What can I expect when visiting Teme Aqueduct?
You can see the aqueduct from the north and south banks of the River Teme; however, you will get a better view from the south. Start from the A456, there is gate near the bridge by Gosford Farm, walk through and cross the stile further up.
Continue straight across the field, it is a public right of way. You will then come to another stile, cross over and follow the path down.
You will reach the trackbed of the Tenbury and Bewdley Railway. Look to your left, the canal would have continued into the distance; however, the railway company acquired the land, filled in the canal, and built their railway track over.
We’re not going to walk down the railway track through. There is a stile to your right opposite the path you came from. Cross it and continue along the path.
The original canal and its embankment are now visible, curving around the edge of the field in front. Follow the towpath along the embankment.
You will then reach the southern entrance of the aqueduct. The canal pound has been completely overgrown. Don’t be fooled by the stile, it leads to nowhere.
One towpath stone is still visible, which marks where the canal pound narrowed as it entered the aqueduct.
There’s not much else to see so head down the canal embankment where you will get an immediate view of the ruined aqueduct and its southern abutment. Can you spot the blue plaque?
The recess in the abutment contains a visitors’ book, feel free to sign.
If you are visiting during a dry summer, the River Teme will be low. This gives you a fantastic opportunity to walk on the protruding riverbed and view the aqueduct from below. Cross the small fence in front of the blue plaque and carefully climb down.
You can even walk under the intact arch to inspect the damage when the aqueduct was blown up in World War Two during a training exercise.
The debris from that explosion is still visible in the river.
When you are ready to leave, head back the way you came.
How long does it take to visit Teme Aqueduct?
It will take you roughly 40 minutes to see the aqueduct, which includes your return journey from the starting point.

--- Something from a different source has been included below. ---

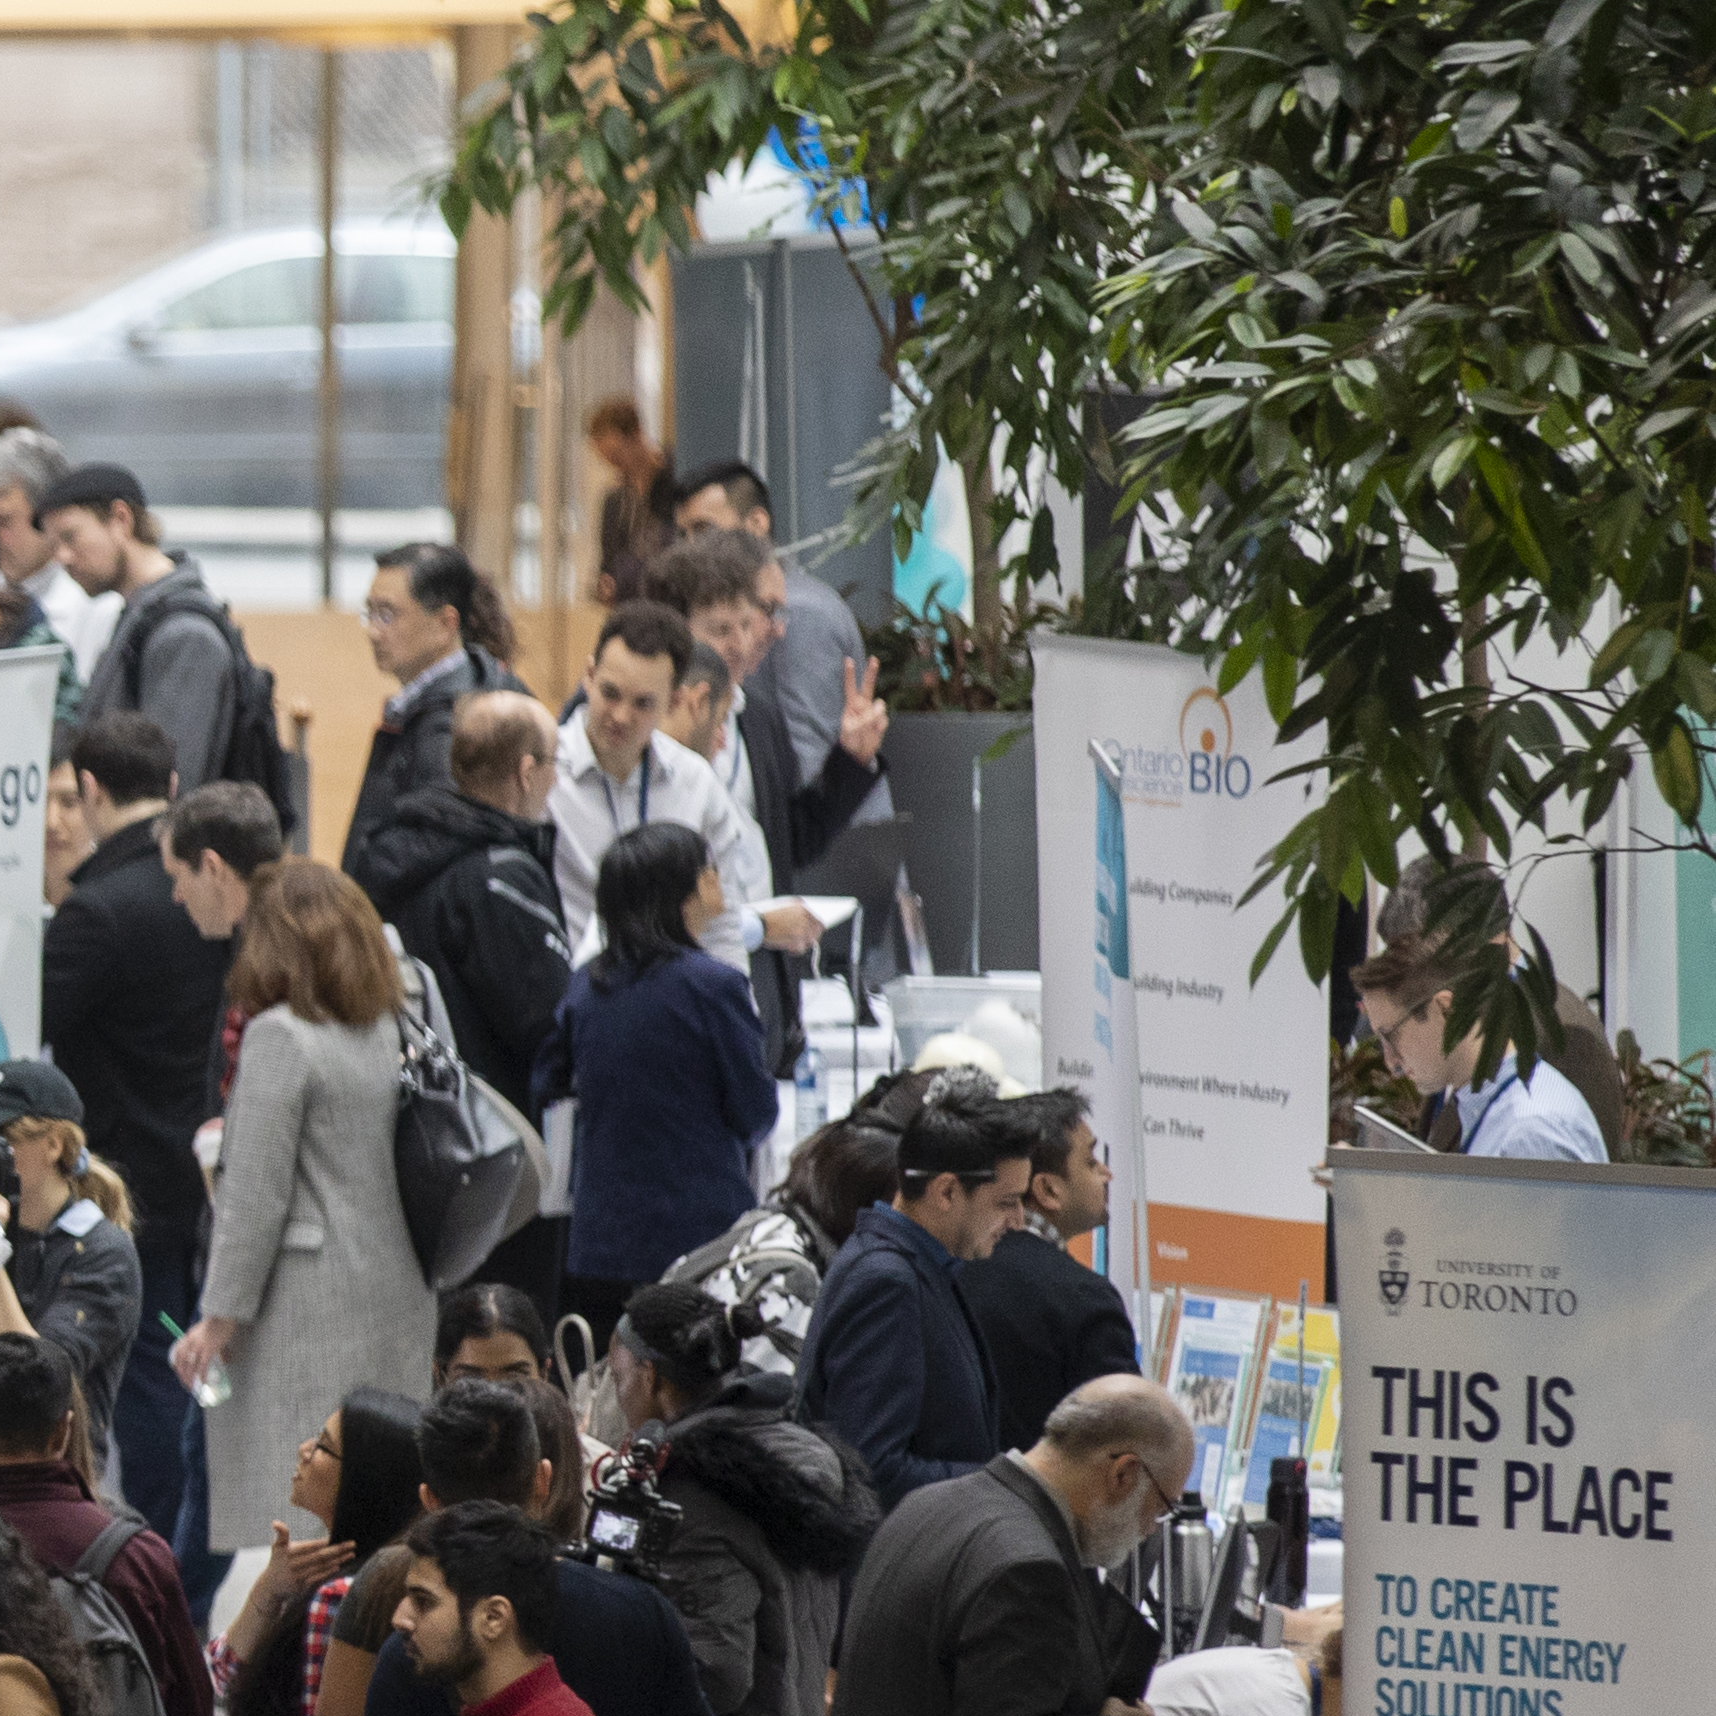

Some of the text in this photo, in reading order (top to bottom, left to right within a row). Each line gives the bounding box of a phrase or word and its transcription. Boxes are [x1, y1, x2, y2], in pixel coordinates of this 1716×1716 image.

Is Teme Aqueduct suitable for a picnic?
The canal embankment is suitable for picnic. It provides a great platform for viewing the countryside and the Wooferton transmitting station in the distance.
How do I get to Teme Aqueduct?
If you are arriving by car, park on a small tarmac layby in front of the starting gate. It is located a stone’s throw from the bridge that carries the A456 over the Brimfield Brook.
The bus is the only way to travel to the aqueduct by public transport. There are stops in Woofferton outside the Salwey Arms, then it’s a 20-minute walk down the A456. Please note, this road does not have a pavement and uses the national speed limit.
The aqueduct consisted of three arches. The central arch was destroyed leaving two remaining arches on the north and south banks of the River Teme. The arches are constructed from brick with ashlar voussoirs and springer stone. The stone at the head of each arch was replaced with brick. The aqueduct contains stone cutwaters and side wall with brick parapets and vestiges of ashlar coping. Star-shaped iron tie-rods ends below parapet .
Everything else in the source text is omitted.